WHAT YOU NEED TO DO>
Reproduce nothing but the closing run of lines: the line with "this 960×1280 image." and each line that follows it to the end of the data.

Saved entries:
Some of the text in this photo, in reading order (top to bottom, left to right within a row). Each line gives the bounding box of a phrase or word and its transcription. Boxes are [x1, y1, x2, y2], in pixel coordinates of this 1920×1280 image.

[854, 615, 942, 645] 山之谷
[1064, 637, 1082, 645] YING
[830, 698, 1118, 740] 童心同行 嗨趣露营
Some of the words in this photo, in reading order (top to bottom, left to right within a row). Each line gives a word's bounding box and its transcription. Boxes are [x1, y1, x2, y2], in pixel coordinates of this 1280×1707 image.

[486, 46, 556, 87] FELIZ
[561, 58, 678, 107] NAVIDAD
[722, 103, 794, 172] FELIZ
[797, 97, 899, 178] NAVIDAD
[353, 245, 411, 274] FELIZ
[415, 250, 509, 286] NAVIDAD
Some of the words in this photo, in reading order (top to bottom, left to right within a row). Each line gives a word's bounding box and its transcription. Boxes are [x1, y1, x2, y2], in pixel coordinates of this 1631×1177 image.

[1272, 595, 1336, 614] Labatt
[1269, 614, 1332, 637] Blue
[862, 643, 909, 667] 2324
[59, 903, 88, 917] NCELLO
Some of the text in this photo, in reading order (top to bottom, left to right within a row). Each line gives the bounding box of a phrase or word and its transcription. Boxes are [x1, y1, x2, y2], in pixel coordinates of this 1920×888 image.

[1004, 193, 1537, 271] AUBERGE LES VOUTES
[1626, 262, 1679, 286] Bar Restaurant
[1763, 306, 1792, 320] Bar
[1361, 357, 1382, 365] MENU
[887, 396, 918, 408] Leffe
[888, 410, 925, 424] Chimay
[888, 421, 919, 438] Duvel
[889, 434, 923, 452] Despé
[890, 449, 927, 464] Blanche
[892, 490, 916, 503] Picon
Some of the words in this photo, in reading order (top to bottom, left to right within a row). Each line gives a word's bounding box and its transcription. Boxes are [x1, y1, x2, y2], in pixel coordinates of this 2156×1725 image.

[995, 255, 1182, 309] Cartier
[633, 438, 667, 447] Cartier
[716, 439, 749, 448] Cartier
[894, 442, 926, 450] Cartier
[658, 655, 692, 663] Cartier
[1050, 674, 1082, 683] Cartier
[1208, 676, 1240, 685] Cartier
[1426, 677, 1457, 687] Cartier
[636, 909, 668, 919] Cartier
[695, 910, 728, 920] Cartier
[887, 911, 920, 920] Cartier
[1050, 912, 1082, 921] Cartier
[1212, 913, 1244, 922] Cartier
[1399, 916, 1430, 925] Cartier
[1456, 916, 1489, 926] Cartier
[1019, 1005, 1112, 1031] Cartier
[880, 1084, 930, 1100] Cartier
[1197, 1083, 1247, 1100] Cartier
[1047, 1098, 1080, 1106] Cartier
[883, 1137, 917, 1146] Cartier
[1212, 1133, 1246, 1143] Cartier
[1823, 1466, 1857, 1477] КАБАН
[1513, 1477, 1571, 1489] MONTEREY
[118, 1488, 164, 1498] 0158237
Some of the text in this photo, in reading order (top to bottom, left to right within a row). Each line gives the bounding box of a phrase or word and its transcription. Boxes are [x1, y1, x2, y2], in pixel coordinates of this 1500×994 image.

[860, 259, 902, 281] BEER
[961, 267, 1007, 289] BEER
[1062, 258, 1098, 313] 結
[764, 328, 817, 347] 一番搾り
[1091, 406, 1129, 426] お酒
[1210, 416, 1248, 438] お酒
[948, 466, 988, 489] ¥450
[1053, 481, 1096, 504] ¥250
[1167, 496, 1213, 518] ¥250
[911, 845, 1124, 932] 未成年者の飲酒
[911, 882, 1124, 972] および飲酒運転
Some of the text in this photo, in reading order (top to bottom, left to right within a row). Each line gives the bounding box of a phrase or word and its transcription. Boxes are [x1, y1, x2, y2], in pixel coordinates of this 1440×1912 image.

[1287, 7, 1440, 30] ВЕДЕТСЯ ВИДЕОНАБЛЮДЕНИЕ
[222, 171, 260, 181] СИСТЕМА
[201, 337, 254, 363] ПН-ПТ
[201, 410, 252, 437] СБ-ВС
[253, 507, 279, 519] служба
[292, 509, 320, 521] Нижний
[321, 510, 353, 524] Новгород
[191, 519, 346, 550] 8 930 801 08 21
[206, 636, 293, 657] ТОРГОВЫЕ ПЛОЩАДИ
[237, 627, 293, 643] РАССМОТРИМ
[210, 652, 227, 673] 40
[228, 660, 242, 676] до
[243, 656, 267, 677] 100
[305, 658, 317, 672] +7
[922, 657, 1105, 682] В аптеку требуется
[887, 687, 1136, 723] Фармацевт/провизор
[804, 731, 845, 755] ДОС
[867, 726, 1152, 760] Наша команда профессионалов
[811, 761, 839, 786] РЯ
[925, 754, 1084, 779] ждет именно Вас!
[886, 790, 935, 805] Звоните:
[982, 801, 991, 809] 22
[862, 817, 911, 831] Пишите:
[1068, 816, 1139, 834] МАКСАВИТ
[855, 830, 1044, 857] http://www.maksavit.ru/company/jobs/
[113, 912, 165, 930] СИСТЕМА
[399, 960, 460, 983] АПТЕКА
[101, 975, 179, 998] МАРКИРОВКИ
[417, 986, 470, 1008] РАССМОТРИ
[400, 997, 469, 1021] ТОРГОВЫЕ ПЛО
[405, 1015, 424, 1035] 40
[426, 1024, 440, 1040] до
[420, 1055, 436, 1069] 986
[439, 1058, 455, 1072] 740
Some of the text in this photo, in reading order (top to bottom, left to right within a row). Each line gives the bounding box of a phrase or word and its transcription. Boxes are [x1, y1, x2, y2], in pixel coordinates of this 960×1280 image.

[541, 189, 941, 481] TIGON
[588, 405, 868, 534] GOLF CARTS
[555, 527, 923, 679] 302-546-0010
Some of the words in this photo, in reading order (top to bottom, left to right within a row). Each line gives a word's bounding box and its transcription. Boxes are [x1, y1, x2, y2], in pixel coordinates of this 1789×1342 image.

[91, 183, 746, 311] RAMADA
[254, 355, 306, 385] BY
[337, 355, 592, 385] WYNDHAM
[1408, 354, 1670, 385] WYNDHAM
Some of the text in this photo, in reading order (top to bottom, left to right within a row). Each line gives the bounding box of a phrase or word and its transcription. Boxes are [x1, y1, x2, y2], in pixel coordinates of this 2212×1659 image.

SOLUTION>
Some of the text in this photo, in reading order (top to bottom, left to right within a row). Each line gives the bounding box of a phrase or word and its transcription. Boxes are [x1, y1, x2, y2], in pixel coordinates of this 960×1280 image.

[541, 189, 941, 481] TIGON
[588, 405, 868, 534] GOLF CARTS
[555, 527, 923, 679] 302-546-0010
Some of the words in this photo, in reading order (top to bottom, left to right within a row). Each line gives a word's bounding box and its transcription. Boxes are [x1, y1, x2, y2], in pixel coordinates of this 1789×1342 image.

[91, 183, 746, 311] RAMADA
[254, 355, 306, 385] BY
[337, 355, 592, 385] WYNDHAM
[1408, 354, 1670, 385] WYNDHAM
Some of the text in this photo, in reading order (top to bottom, left to right within a row). Each line gives the bounding box of a phrase or word and its transcription. Boxes are [x1, y1, x2, y2], in pixel coordinates of this 2212×1659 image.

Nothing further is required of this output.